By Boaventura de Sousa Santos*

In 1947, Karl Jaspers published a short book entitled The Question of German Guilt (Die Schuldfrage)[1]. It was the time of a Germany devastated in body and soul, a pariah people, disgraced before the whole world, a disgrace to humanity, ruled in an authoritarian and military way by the victorious Allies. Jaspers proposes four types of guilt: criminal guilt, political guilt, moral guilt and metaphysical guilt. Criminal guilt is the guilt of those who violate national or international law and who must be judged by the courts (in this case, the Nuremberg Tribunal). Political guilt is the guilt of all the citizens of a state that committed such atrocities, regardless of the active or passive role they played in their occurrence. Moral guilt is the guilt of each individual before their conscience, a guilt that is not erased by the mere fact of having obeyed orders, the co-responsibility for having done nothing to prevent such monstrosity, such barbarity, even if doing something involved risking one’s life. Finally, metaphysical guilt (a particularly controversial concept) is the guilt of having survived so much unjust death, of having witnessed so much crime, even though you were innocent; it is, ultimately, guilt before God.

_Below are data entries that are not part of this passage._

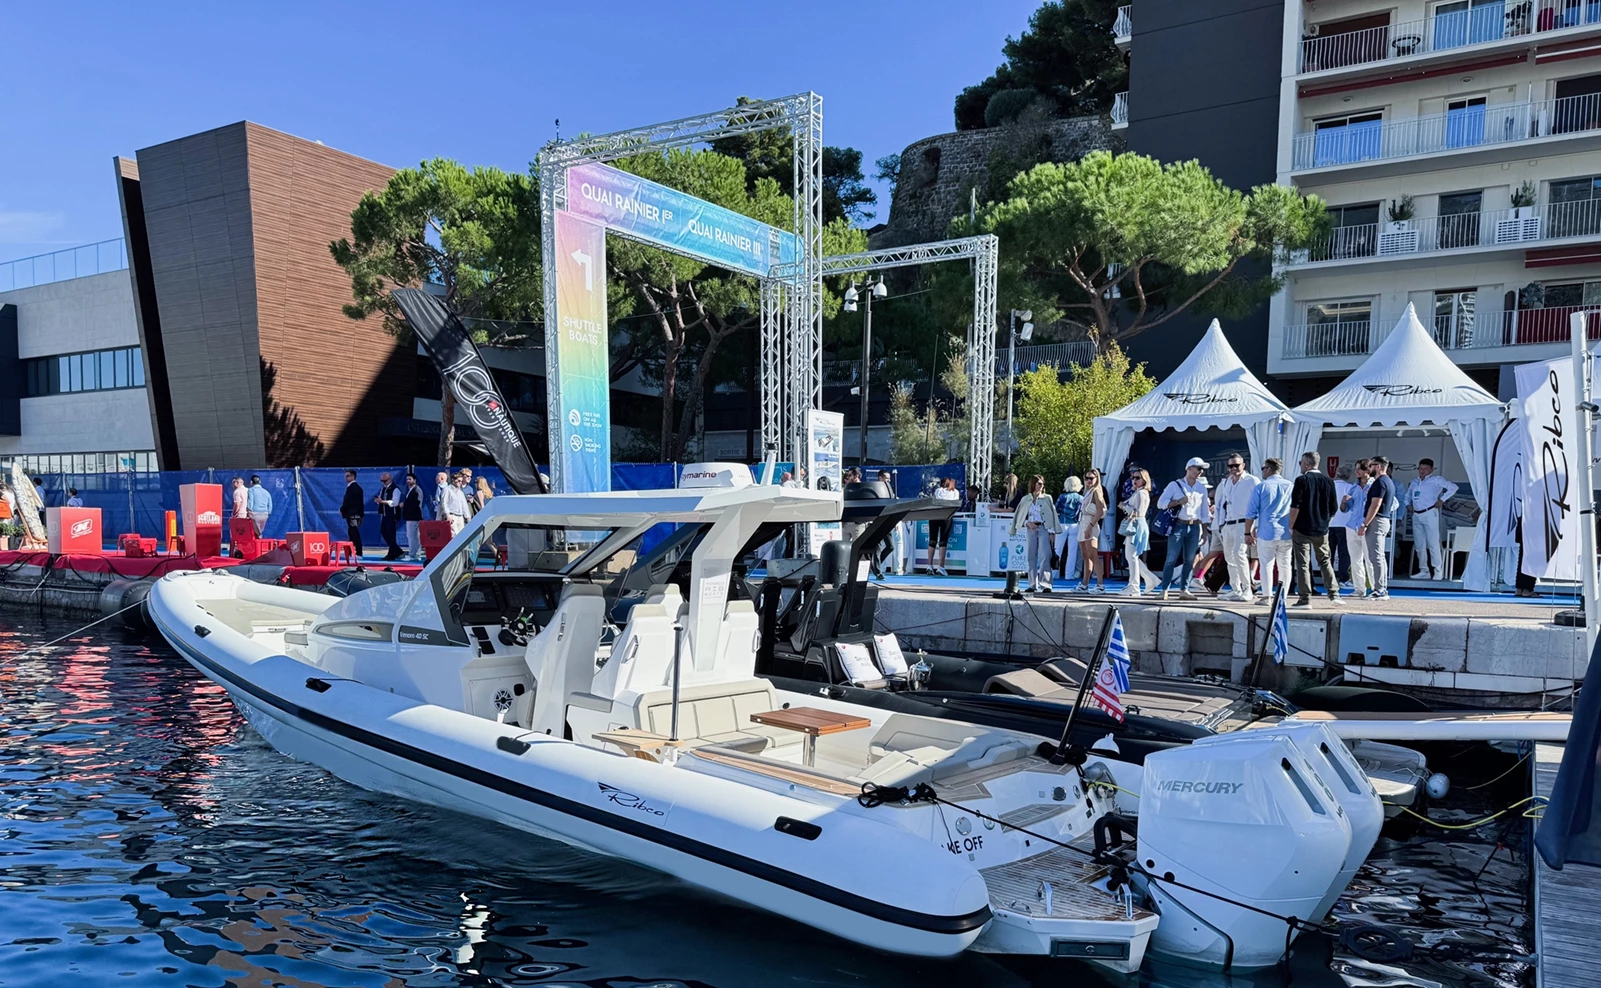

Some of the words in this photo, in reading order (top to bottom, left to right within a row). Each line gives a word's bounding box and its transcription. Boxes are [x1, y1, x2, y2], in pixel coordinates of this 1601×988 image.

[581, 182, 612, 205] QUAI
[615, 194, 660, 222] RAINIER
[688, 219, 713, 237] QUAI
[715, 230, 751, 252] RAINIER
[753, 240, 761, 255] III
[563, 316, 602, 334] SHUTTLE
[569, 329, 599, 346] BOATS
[1163, 393, 1238, 405] Ribco
[1363, 384, 1443, 397] Ribco
[493, 407, 522, 448] NAUTIQUE
[1543, 369, 1570, 560] Ribco
[309, 542, 325, 552] 100
[399, 631, 415, 639] Venom
[1157, 780, 1244, 794] MERCURY
[598, 781, 664, 816] Ribco
[964, 835, 983, 851] OFF
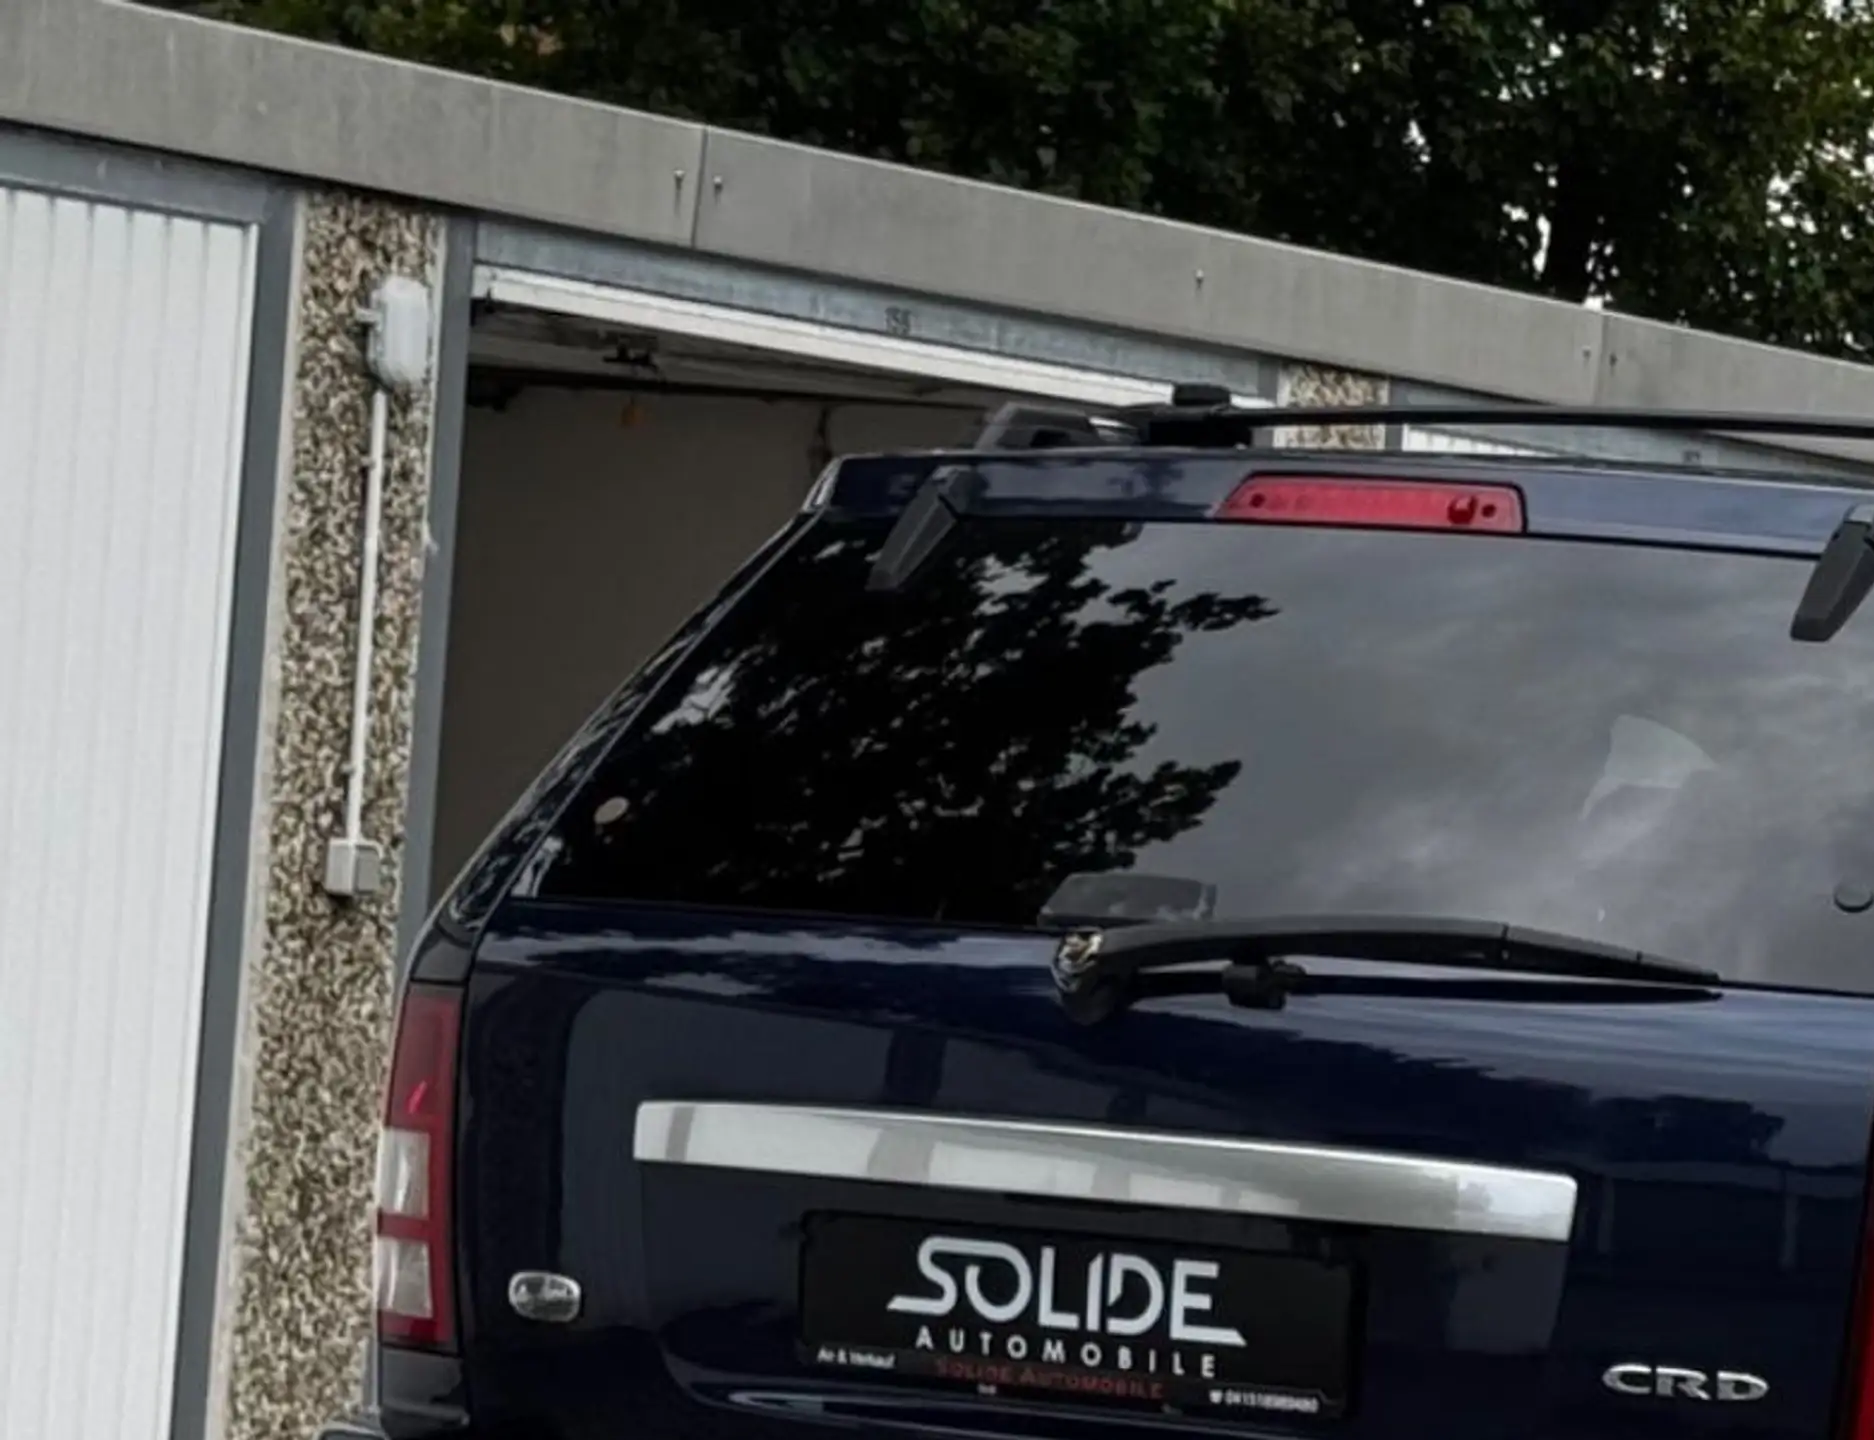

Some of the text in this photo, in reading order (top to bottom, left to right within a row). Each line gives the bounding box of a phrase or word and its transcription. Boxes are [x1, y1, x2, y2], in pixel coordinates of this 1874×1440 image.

[887, 1235, 1247, 1346] SOLIDE
[914, 1325, 1217, 1379] AUTOMOBILE
[1602, 1363, 1770, 1401] CRD
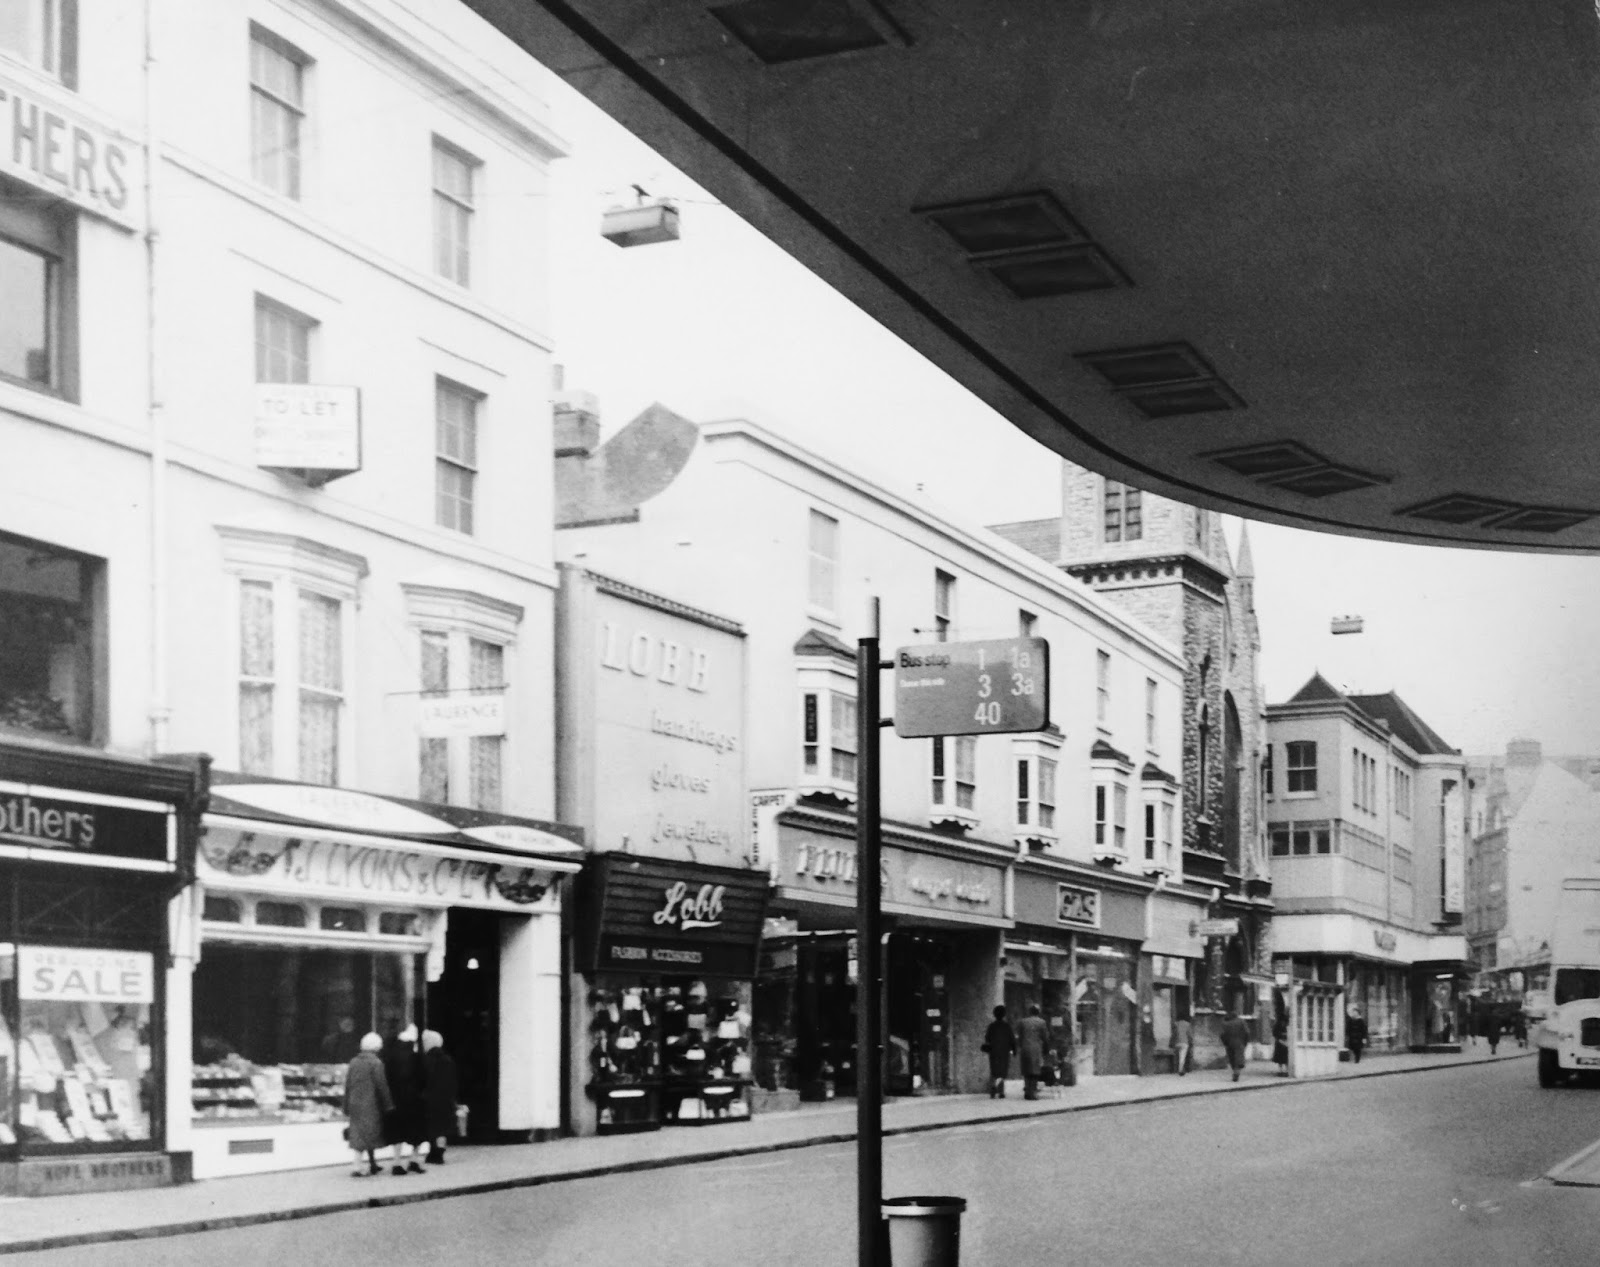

Although very rich, the distinction between modes of guilt proposed by Jaspers does not include a mode of guilt that seems to me to be crucial in Western modernity. I’m talking about historical guilt, the guilt of a people having participated in or consented to the complete or incomplete extermination of another people. It can be said that Nazi barbarism targeted a distinct people, the Jewish people, but the truth is that it also targeted homosexuals, gypsies, the disabled, Slavs and that the Jews were as German as their murderers, even though Polish, Ukrainian, Russian, Hungarian and many other Jews were also exterminated. Historical guilt is the existential ballast that remains at the heart of a people who objectively benefit from the unjust sacrifice of another people, even if that sacrifice took place long ago. In Western modernity, colonialism and all the atrocities that accompanied it (genocides, slavery, forced labor, deportations, robbery of land and of cultural goods) are the main ballast of historical guilt and, therefore, the one that most notably justifies reparations.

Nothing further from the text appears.